According to the Pan American Health Organization and the World Health Organization, direct parasitological techniques (MHT and direct observation) remain the gold standard for parasite detection in the diagnosis of congenital CD. Should these tests be negative, or if no tests were done before, detection of T. cruzi-specific antibodies in infants from 8 to 10 months old becomes the gold standard (31, 32).

Although MHT is the fastest method to detect T. cruzi (less than 20 min), its sensitivity depends on the operator’s skills, the degree of parasitemia, and whether the sample is examined within 12 h after collection (13, 26, 33). Reports from some South American countries showed that MHT sensitivity was 34.2% in the first month of age (34), 76.1% up to 6 months of age (15), and 94% in 1 year of follow-up (14), whereas qPCR could detect up to 84.2% of infected infants before 1 month of age (34). Others, using conventional PCR, achieved 100% sensitivity in infected children who were diagnosed before 6 months of age (35). Due to losses to follow-up, there is not enough PCR data for the first year of life in children born to T. cruzi-infected mothers.

In Spain, both parasitological tests and PCR are used without distinction for congenital CD diagnosis. Recently, Basile et al. reported that among 22 congenital CD cases born in Catalonia, in 1 year of follow-up, 5 were diagnosed by MHT and 10 by qPCR (36), while in Murcia, among 12 infected infants, 1 was positive by MHT, 8 by culture, and 100% by conventional PCR, also in 1 year of follow-up (18).

There is less information on the use of LAMP for CD diagnosis. So far, three studies were published in populations in areas of endemicity. The first targeted the 18S rRNA gene (37), and the other two, a prototype, targeted SatDNA (21, 38). The first two showed the potential of LAMP in a limited number of samples (seven and five cases, respectively), while the third study showed good sensitivity detecting 10 cases of congenital CD.

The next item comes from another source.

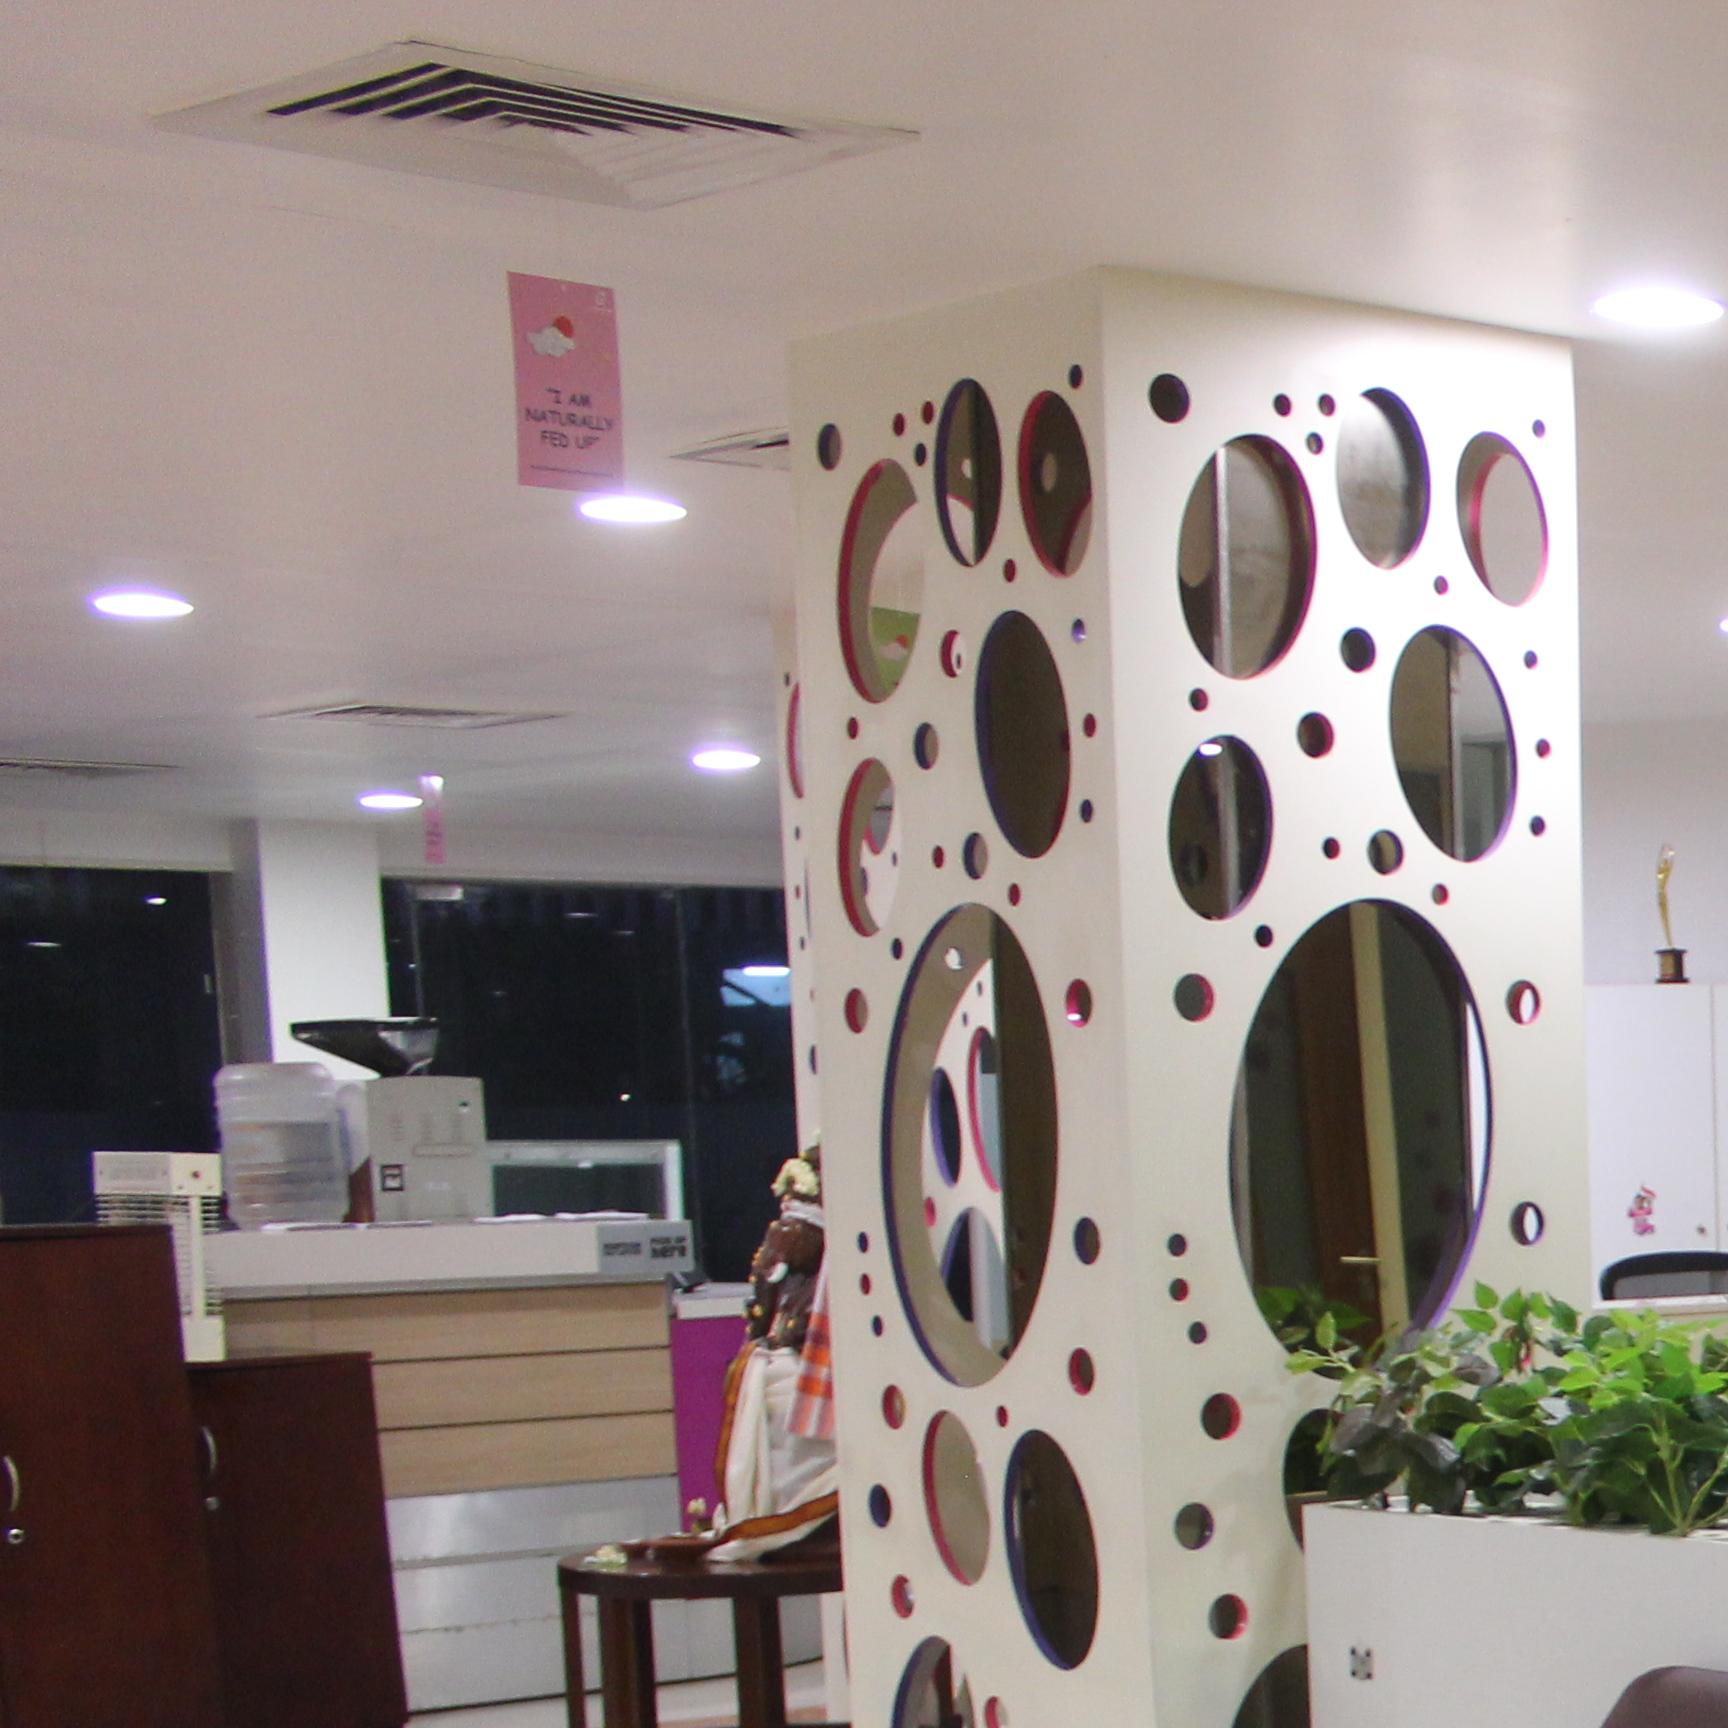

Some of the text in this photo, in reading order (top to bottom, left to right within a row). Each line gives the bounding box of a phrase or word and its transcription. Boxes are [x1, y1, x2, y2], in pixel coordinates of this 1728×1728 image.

[569, 394, 592, 407] AM
[525, 408, 613, 431] NATURALLY
[541, 430, 569, 448] FED
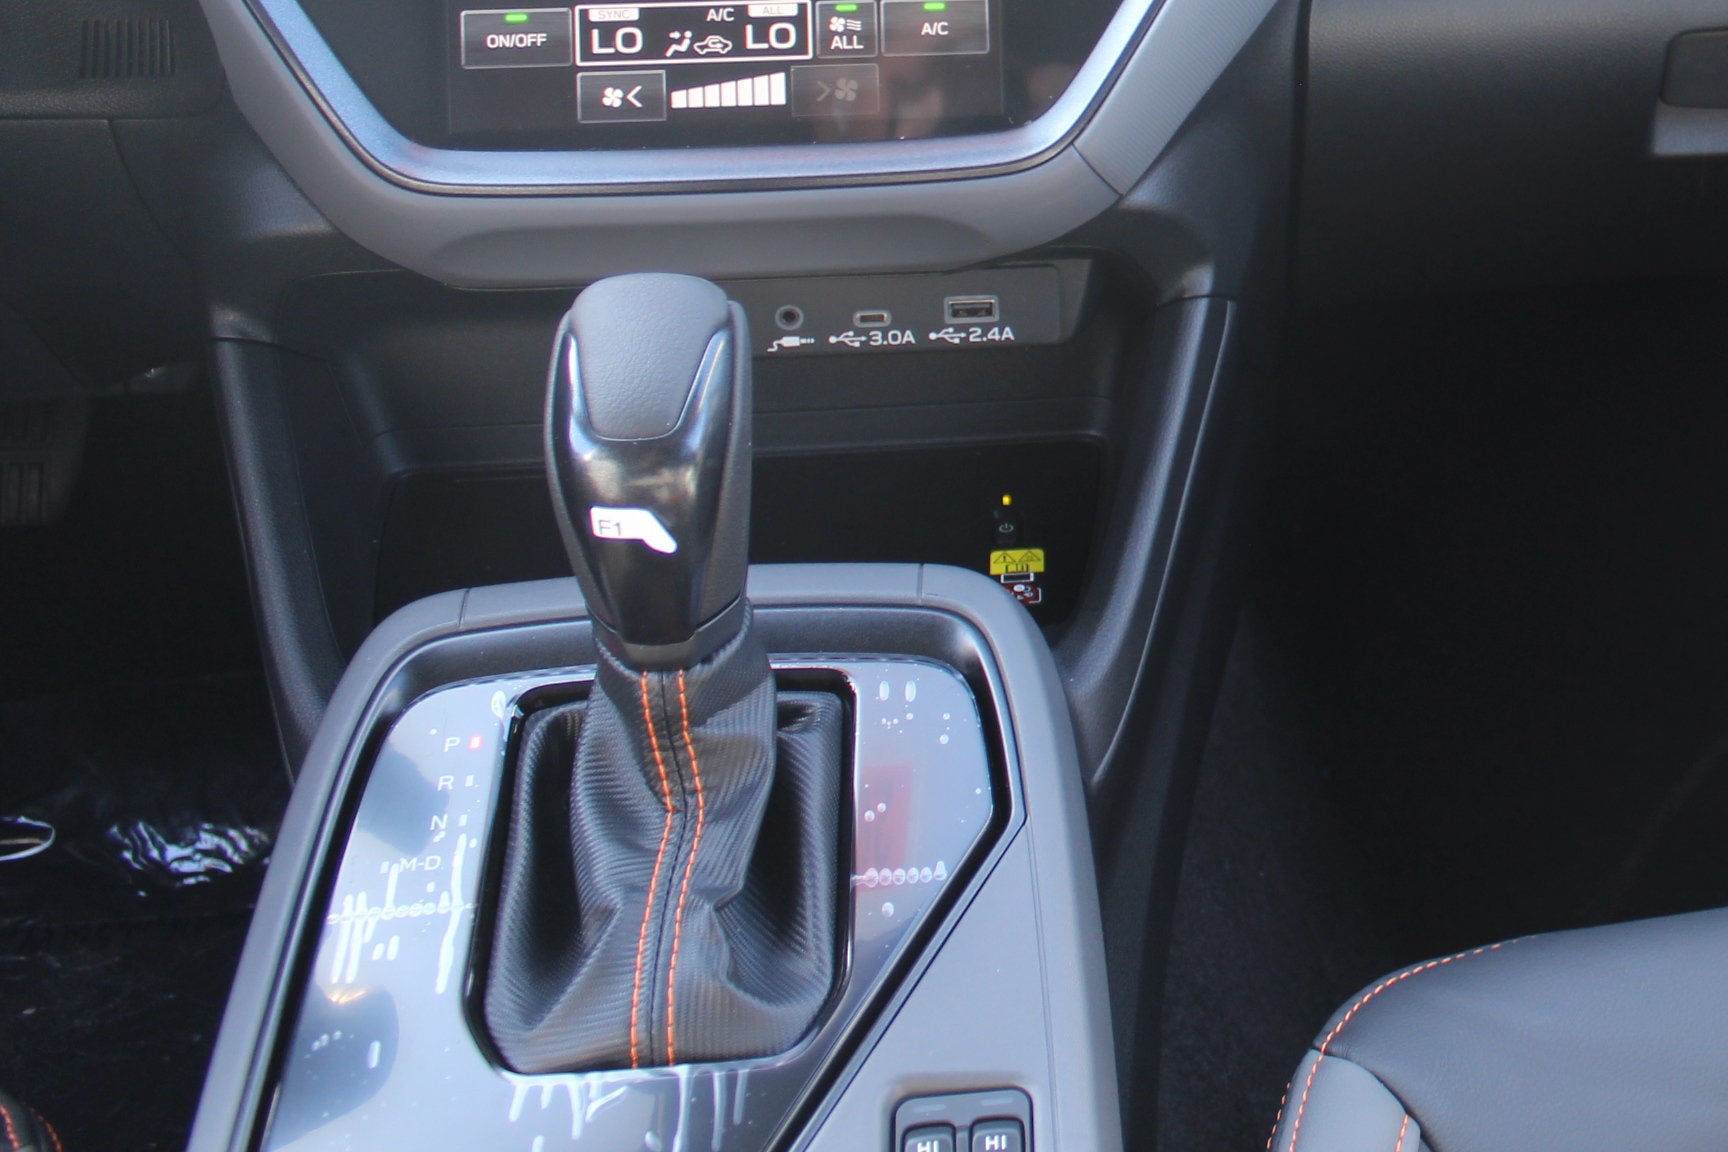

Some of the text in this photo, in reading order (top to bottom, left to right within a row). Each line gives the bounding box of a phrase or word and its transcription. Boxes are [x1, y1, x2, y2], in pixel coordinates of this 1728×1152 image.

In our study, Tcruzi-LAMP and PCR tests detected 100% (29/29) of cases younger than 9 months, while parasitological tests detected just 88% (22/25) of them (Table 1). In infants older than 9 months, Tcruzi-LAMP was negative in one case (1/10) on a stored DNA sample that could have degraded even under the best storage conditions, considering that this sample was collected in February 2008 and stored at −40°C. This sample was positive by kDNA-PCR and Sat-qPCR tested at the same time. This result may reflect a slightly lower analytical sensitivity for Tcruzi-LAMP. Certainly, it is well known that the number of copies of SatDNA in TcI, TcIII, and TcIV is lower than that in TcII, TcV, and TcVI (24, 25, 29, 39). Thus, a low degree of parasitemia could be the cause of a lower sensitivity of techniques targeting SatDNA, such as Tcruzi-LAMP or Sat-qPCR (40).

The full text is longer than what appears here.